CALL gds.beta.pipeline.nodeClassification.train(
  'customerGraph',
  {
    pipeline: 'churnPipeline',
    targetNodeLabels: ['Customer'],
    targetProperty: 'churn'
  }
);

For link prediction, the idea is similar, but the model learns from positive and negative examples of relationships.

6) Evaluate the model

Always evaluate the model before using it in production.

Common metrics include:

Accuracy
Precision
Recall
F1 score
AUCPR
ROC AUC

For imbalanced problems like fraud detection, AUCPR is often more useful than raw accuracy.

7) Predict and write results back to Neo4j

Once the model is trained, you can use it to generate predictions for new nodes or candidate relationships.
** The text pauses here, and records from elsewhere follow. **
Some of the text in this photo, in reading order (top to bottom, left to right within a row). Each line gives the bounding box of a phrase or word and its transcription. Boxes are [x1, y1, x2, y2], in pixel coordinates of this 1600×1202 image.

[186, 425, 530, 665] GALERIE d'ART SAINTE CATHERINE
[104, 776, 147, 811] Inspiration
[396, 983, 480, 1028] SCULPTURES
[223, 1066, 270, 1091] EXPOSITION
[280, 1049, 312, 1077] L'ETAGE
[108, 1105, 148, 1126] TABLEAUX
Those predictions can be:

streamed back to the client
written into the database
combined with other business rules

That makes it easy to power dashboards, alerts, recommendations, or downstream workflows.

Example use case: customer churn prediction

A common GDS workflow for churn looks like this:

Nodes: customers, products, support tickets
Relationships: purchases, visits, support interactions
Target: Customer.churn
Features:
- number of purchases
- PageRank
- community membership
- distance to other churned customers
Model: node classification pipeline
Output: churn probability per customer

This approach often works better than a standard ML model because it uses both customer attributes and network structure.

Example use case: link prediction for recommendations

Link prediction is ideal when you want to recommend:

products
friends
content
suppliers
similar accounts

For example, if a user often interacts with a cluster of products, GDS can help predict which product relationship is most likely to happen next.

Best practices for training ML models in Neo4j GDS

Use the right graph projection

Only project the nodes and relationships relevant to the task. Smaller, cleaner graphs train faster and produce better features.

Avoid data leakage

Do not include future information in your training features. If the prediction is time-based, use a time-aware split.

Start with simple features

Begin with degree, PageRank, and a few domain properties before adding complex embeddings.

Handle class imbalance

Fraud, churn, and rare event detection often have skewed classes. Use metrics like AUCPR and sample carefully.

Keep features numeric

Most ML pipelines expect numeric inputs. Convert categories into encodings or use graph-derived numerical features.

Test multiple candidates

One pipeline can compare several model configurations. Let the validation metric guide your choice.

Retrain regularly

Graph behavior changes over time. Retrain when new nodes, relationships, or labels appear.

When to use GDS vs external ML tools

Use Neo4j GDS when:

relationships are important
graph structure improves predictions
you want fast in-database feature engineering
you need node classification or link prediction

Use external ML libraries when:

you need custom neural network architectures
you need general-purpose regression/classification on non-graph data
you want to combine graph features with a broader ML stack

A common pattern is to use GDS to compute graph features, then export those features to Python for training in scikit-learn, XGBoost, or TensorFlow.

A simple rule of thumb

If your question is “what does this entity look like in the network?” or “which connection should happen next?”, GDS is a great place to train the model.

If your question is “how do I train any arbitrary ML model from scratch?”, GDS is better as a graph feature and graph ML layer than as a full replacement for traditional ML platforms.

Summary

To train ML models using Neo4j GDS, you typically:

project your graph into GDS
define a node label or relationship target
generate graph-aware features
train a node classification or link prediction pipeline
evaluate the model with the right metric
write predictions back to Neo4j

That workflow gives you models that understand not just attributes, but also the structure of the graph itself.